Evidence presented at trial demonstrated that after Agresti became the Medical Director for GDSL, he agreed to provide standing orders for UA drug tests for GDSL patients in exchange for a monthly fee. Agresti also had GDSL patients sent to his medical office so he could fraudulently bill for services for these patients from his medical practice. Patients at GDSL were required to submit to excessive, medically unnecessary urine drug tests as a condition of residency approximately three or four times per week. This added up to hundreds of UA drug tests per week and thousands per month. These UA drug tests cost as much as $6,000 to $9,000 per test. Agresti did not review the UA drug test results and did not use the UA drug tests to treat the GDSL patients. The evidence at trial showed that Agresti did the same thing at other addiction treatment facilities in the West Palm Beach area throughout the time of the charged conspiracy, resulting in hundreds of additional patients and thousands of additional fraudulent UA drug tests.
“This defendant used his medical license to facilitate an egregious, multimillion-dollar fraud scheme that exploited vulnerable substance abusers,” said U.S. Attorney Juan Antonio Gonzalez for the Southern District of Florida. “This office and its law enforcement partners are committed to holding accountable the unscrupulous sober homeowners, doctors, and others who carry out these fraudulent and abusive practices to satisfy their personal greed.”
“The defendant, in this case, exploited patients seeking treatment for addiction and pocketed the profits for years,” said Assistant Director Luis Quesada of the FBI’s Criminal Investigative Division. “This conviction is a warning that fraudulent practices like billing for medically unnecessary services come at a high cost. The FBI and our law enforcement partners are dedicated to protecting the integrity of America’s health care system and the people who rely on it.”
“Patients place their faith and trust on industry professionals to care for their wellbeing,” said Special Agent in Charge Matthew D. Line of IRS Criminal Investigation (IRS-CI), Miami Field Office. “Instead, in this case, they were taking advantage of and submitted to unnecessary procedures to defraud insurance companies. IRS-CI is committed to combatting health care and other financial fraud, and we will hold criminals accountable for their unlawful actions.”
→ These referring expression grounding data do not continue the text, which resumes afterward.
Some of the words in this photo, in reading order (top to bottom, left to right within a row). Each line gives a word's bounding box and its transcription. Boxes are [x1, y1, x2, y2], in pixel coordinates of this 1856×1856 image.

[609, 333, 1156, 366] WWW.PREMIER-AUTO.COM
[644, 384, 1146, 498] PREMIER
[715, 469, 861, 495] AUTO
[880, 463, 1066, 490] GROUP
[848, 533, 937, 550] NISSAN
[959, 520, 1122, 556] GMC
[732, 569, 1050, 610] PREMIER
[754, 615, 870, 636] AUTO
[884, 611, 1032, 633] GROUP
“The defendant exploited people in treatment for substance use disorders,” said Atlanta Regional Director Isabel Culver of the Department of Labor’s Employee Benefits Security Administration (EBSA). “The U.S. Department of Labor is working to end unconscionable schemes like this and hold those who commit health care fraud against employee benefit plan participants and their beneficiaries accountable.”
Three other defendants, including GDSL’s owner, were previously indicted and pleaded guilty to related charges in connection with this scheme.
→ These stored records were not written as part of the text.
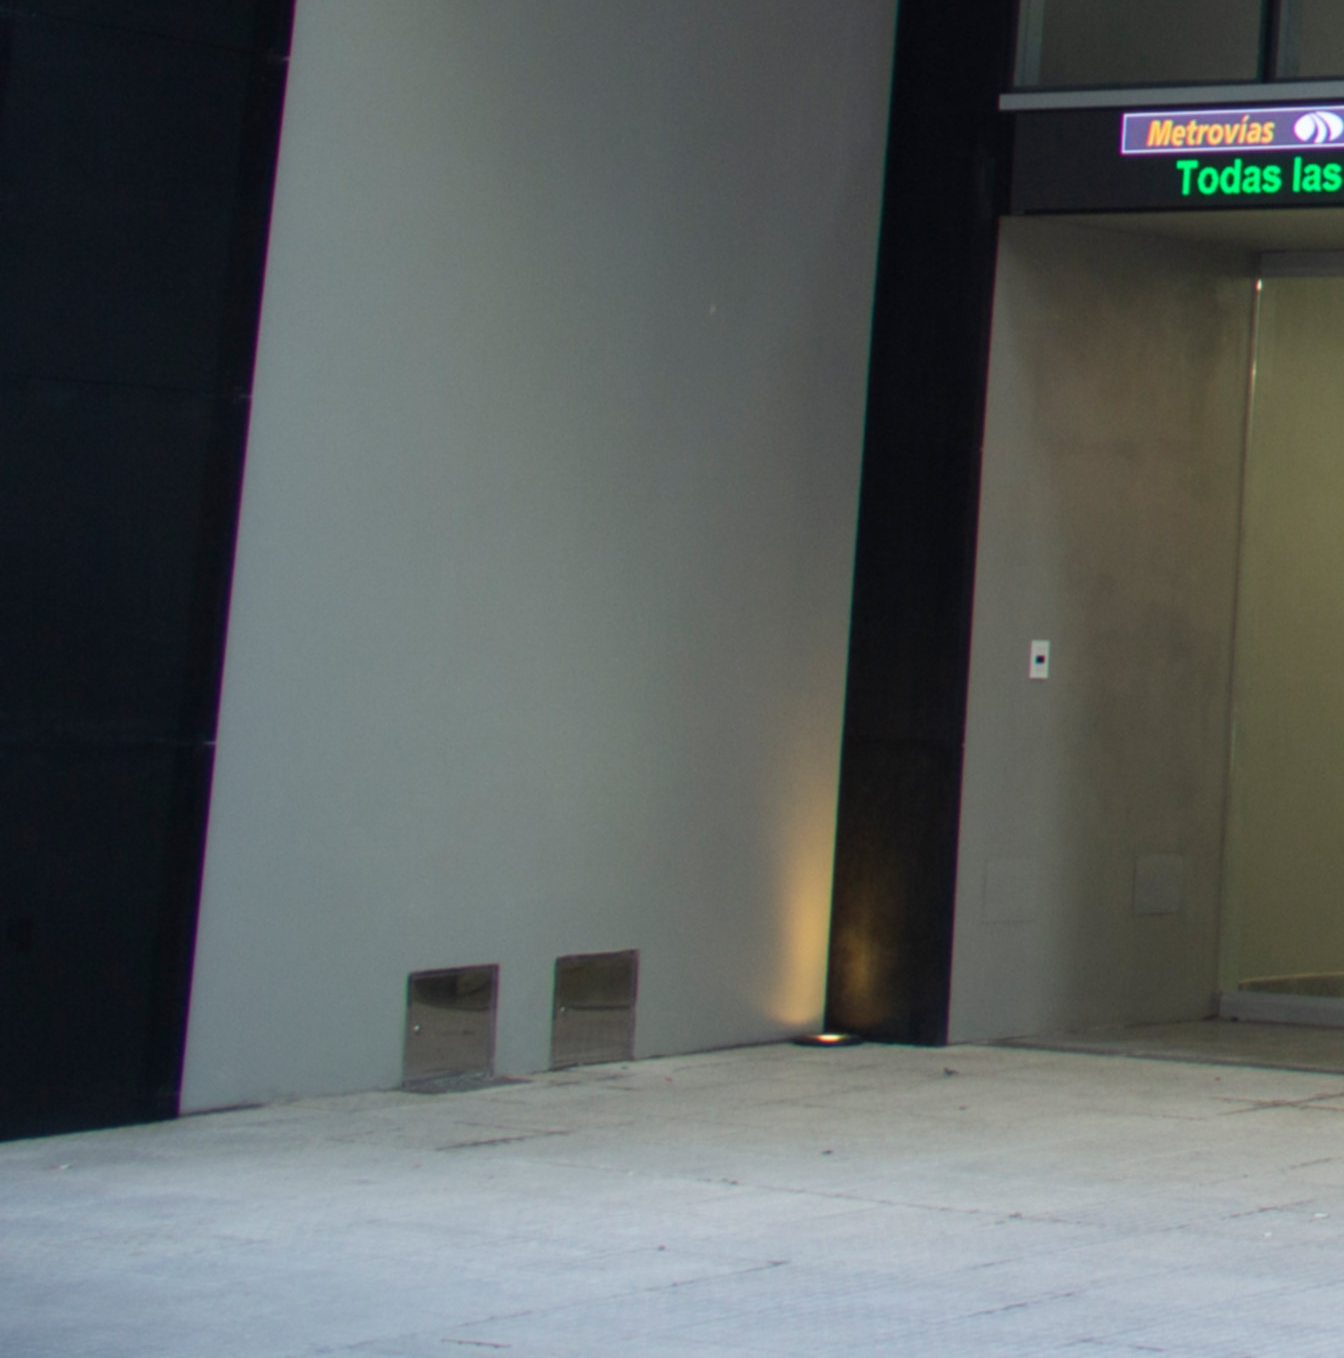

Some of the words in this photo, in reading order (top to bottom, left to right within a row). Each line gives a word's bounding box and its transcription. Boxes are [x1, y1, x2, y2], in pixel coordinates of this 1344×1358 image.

[1146, 115, 1276, 147] Metrovías
[1176, 158, 1282, 196] Todas
[1292, 156, 1343, 192] las
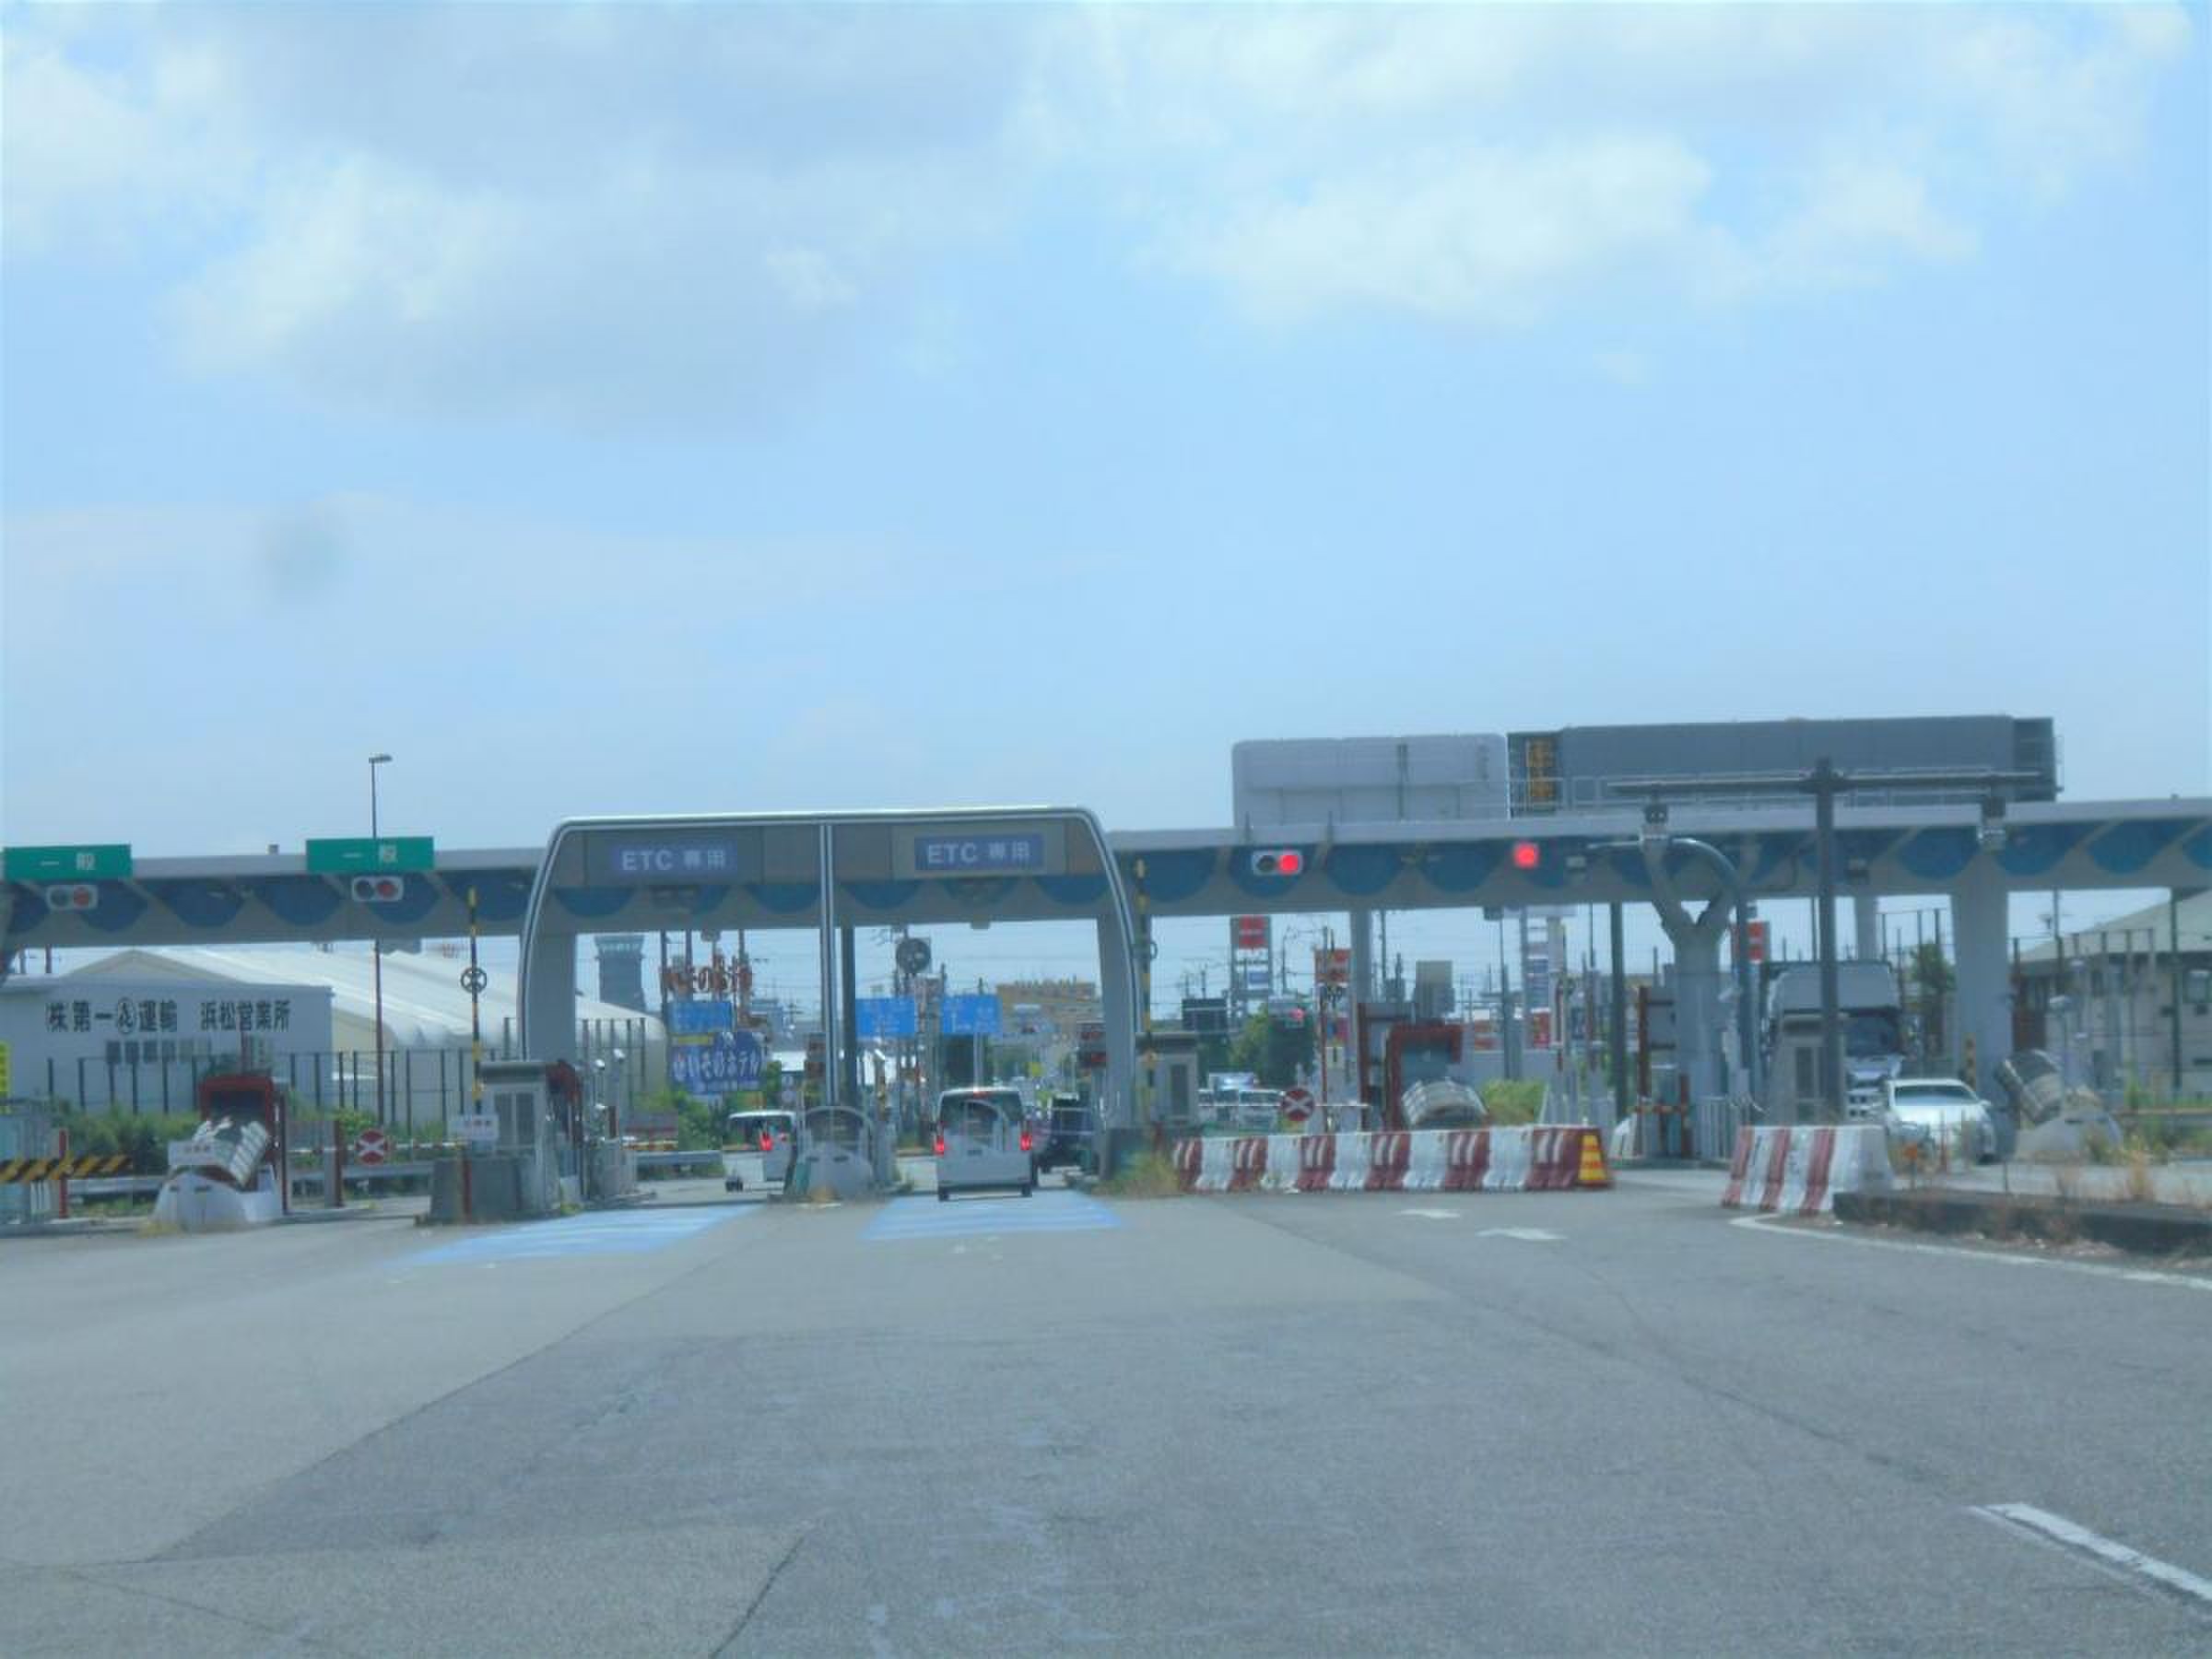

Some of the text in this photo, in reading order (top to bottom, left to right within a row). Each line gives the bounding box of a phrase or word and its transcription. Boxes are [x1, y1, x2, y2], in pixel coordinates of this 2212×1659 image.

[621, 848, 726, 870] ETC 専用
[927, 840, 1030, 864] ETC 専用
Agresti was convicted of one count of conspiracy to commit health care fraud and wire fraud, as well as 11 counts of health care fraud. He is scheduled to be sentenced on April 21 and faces a maximum penalty of 20 years in prison for the health care fraud and wire fraud conspiracy count, and 10 years for each count of health care fraud. A federal district court judge will determine any sentence after considering the U.S. Sentencing Guidelines and other statutory factors.
The FBI, IRS-CI, and the EBSA investigated the case.
Senior Litigation Counsel Jim Hayes of the Criminal Division’s Fraud Section and Assistant U.S. Attorney Amanda Perwin for the Southern District of Florida are prosecuting the case.
The Criminal Division’s Fraud Section leads the Department of Justice’s Sober Homes Initiative, which was announced in the 2020 National Health Care Fraud Takedown to prosecute defendants who exploit vulnerable patients seeking treatment for drug and/or alcohol addiction.